(Saved entries)
[Start of section]

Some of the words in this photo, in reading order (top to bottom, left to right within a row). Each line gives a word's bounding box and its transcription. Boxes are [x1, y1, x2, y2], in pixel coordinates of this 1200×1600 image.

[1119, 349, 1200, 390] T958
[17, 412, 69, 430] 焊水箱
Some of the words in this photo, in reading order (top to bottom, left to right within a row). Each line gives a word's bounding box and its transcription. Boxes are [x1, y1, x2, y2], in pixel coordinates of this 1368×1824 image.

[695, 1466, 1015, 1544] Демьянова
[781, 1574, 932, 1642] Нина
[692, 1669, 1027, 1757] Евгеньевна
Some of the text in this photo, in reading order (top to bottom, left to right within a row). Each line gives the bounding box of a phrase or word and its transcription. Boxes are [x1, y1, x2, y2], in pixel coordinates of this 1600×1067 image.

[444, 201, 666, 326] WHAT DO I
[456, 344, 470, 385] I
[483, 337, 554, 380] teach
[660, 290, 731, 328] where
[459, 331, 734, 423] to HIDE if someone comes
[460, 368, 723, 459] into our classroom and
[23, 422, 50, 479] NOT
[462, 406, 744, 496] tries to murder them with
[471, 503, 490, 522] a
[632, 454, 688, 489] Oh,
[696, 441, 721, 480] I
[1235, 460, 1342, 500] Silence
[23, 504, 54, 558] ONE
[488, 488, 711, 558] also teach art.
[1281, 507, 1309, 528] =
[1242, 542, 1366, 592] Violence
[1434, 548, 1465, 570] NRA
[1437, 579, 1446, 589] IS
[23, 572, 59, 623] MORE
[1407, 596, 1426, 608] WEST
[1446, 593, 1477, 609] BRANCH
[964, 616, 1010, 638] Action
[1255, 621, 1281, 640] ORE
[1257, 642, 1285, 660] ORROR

[End of section]

PROBLEM TO SOLVE | The records above should be printed in full, exactly as they appear.

ANSWER SECTION |
Some of the words in this photo, in reading order (top to bottom, left to right within a row). Each line gives a word's bounding box and its transcription. Boxes are [x1, y1, x2, y2], in pixel coordinates of this 1200×1600 image.

[1119, 349, 1200, 390] T958
[17, 412, 69, 430] 焊水箱
Some of the words in this photo, in reading order (top to bottom, left to right within a row). Each line gives a word's bounding box and its transcription. Boxes are [x1, y1, x2, y2], in pixel coordinates of this 1368×1824 image.

[695, 1466, 1015, 1544] Демьянова
[781, 1574, 932, 1642] Нина
[692, 1669, 1027, 1757] Евгеньевна
Some of the text in this photo, in reading order (top to bottom, left to right within a row). Each line gives the bounding box of a phrase or word and its transcription. Boxes are [x1, y1, x2, y2], in pixel coordinates of this 1600×1067 image.

[444, 201, 666, 326] WHAT DO I
[456, 344, 470, 385] I
[483, 337, 554, 380] teach
[660, 290, 731, 328] where
[459, 331, 734, 423] to HIDE if someone comes
[460, 368, 723, 459] into our classroom and
[23, 422, 50, 479] NOT
[462, 406, 744, 496] tries to murder them with
[471, 503, 490, 522] a
[632, 454, 688, 489] Oh,
[696, 441, 721, 480] I
[1235, 460, 1342, 500] Silence
[23, 504, 54, 558] ONE
[488, 488, 711, 558] also teach art.
[1281, 507, 1309, 528] =
[1242, 542, 1366, 592] Violence
[1434, 548, 1465, 570] NRA
[1437, 579, 1446, 589] IS
[23, 572, 59, 623] MORE
[1407, 596, 1426, 608] WEST
[1446, 593, 1477, 609] BRANCH
[964, 616, 1010, 638] Action
[1255, 621, 1281, 640] ORE
[1257, 642, 1285, 660] ORROR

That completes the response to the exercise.